* Exercise directions
Please restate the data word for word, in full.

Dataset records section start

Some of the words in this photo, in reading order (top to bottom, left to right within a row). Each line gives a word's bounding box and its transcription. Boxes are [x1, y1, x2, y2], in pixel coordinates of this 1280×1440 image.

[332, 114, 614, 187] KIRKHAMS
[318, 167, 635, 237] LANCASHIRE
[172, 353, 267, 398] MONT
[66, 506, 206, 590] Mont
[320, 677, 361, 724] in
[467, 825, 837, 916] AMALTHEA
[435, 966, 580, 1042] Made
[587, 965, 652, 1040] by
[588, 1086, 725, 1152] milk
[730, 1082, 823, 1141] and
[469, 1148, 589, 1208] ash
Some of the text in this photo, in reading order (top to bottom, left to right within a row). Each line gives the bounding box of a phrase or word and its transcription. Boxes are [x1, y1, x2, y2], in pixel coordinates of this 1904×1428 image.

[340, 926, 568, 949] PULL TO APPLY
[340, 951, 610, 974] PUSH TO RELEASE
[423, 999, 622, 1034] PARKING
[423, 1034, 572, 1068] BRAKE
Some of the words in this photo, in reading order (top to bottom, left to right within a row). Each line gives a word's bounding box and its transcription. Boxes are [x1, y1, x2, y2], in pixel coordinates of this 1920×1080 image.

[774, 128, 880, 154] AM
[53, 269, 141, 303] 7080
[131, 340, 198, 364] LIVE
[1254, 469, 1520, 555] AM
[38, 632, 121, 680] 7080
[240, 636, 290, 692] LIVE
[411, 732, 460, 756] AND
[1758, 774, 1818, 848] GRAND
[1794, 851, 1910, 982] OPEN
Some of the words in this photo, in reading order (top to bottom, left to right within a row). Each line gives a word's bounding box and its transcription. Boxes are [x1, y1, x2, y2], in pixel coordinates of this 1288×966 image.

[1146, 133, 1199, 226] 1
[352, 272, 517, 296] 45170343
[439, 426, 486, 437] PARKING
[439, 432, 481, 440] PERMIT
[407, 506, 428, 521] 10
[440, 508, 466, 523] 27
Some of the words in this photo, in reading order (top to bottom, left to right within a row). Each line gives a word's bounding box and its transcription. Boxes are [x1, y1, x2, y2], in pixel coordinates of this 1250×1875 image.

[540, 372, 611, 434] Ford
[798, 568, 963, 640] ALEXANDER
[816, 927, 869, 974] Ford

Dataset records section end

* Solved problem
Some of the words in this photo, in reading order (top to bottom, left to right within a row). Each line gives a word's bounding box and its transcription. Boxes are [x1, y1, x2, y2], in pixel coordinates of this 1280×1440 image.

[332, 114, 614, 187] KIRKHAMS
[318, 167, 635, 237] LANCASHIRE
[172, 353, 267, 398] MONT
[66, 506, 206, 590] Mont
[320, 677, 361, 724] in
[467, 825, 837, 916] AMALTHEA
[435, 966, 580, 1042] Made
[587, 965, 652, 1040] by
[588, 1086, 725, 1152] milk
[730, 1082, 823, 1141] and
[469, 1148, 589, 1208] ash
Some of the text in this photo, in reading order (top to bottom, left to right within a row). Each line gives the bounding box of a phrase or word and its transcription. Boxes are [x1, y1, x2, y2], in pixel coordinates of this 1904×1428 image.

[340, 926, 568, 949] PULL TO APPLY
[340, 951, 610, 974] PUSH TO RELEASE
[423, 999, 622, 1034] PARKING
[423, 1034, 572, 1068] BRAKE
Some of the words in this photo, in reading order (top to bottom, left to right within a row). Each line gives a word's bounding box and its transcription. Boxes are [x1, y1, x2, y2], in pixel coordinates of this 1920×1080 image.

[774, 128, 880, 154] AM
[53, 269, 141, 303] 7080
[131, 340, 198, 364] LIVE
[1254, 469, 1520, 555] AM
[38, 632, 121, 680] 7080
[240, 636, 290, 692] LIVE
[411, 732, 460, 756] AND
[1758, 774, 1818, 848] GRAND
[1794, 851, 1910, 982] OPEN
Some of the words in this photo, in reading order (top to bottom, left to right within a row). Each line gives a word's bounding box and its transcription. Boxes are [x1, y1, x2, y2], in pixel coordinates of this 1288×966 image.

[1146, 133, 1199, 226] 1
[352, 272, 517, 296] 45170343
[439, 426, 486, 437] PARKING
[439, 432, 481, 440] PERMIT
[407, 506, 428, 521] 10
[440, 508, 466, 523] 27
Some of the words in this photo, in reading order (top to bottom, left to right within a row). Each line gives a word's bounding box and its transcription. Boxes are [x1, y1, x2, y2], in pixel coordinates of this 1250×1875 image.

[540, 372, 611, 434] Ford
[798, 568, 963, 640] ALEXANDER
[816, 927, 869, 974] Ford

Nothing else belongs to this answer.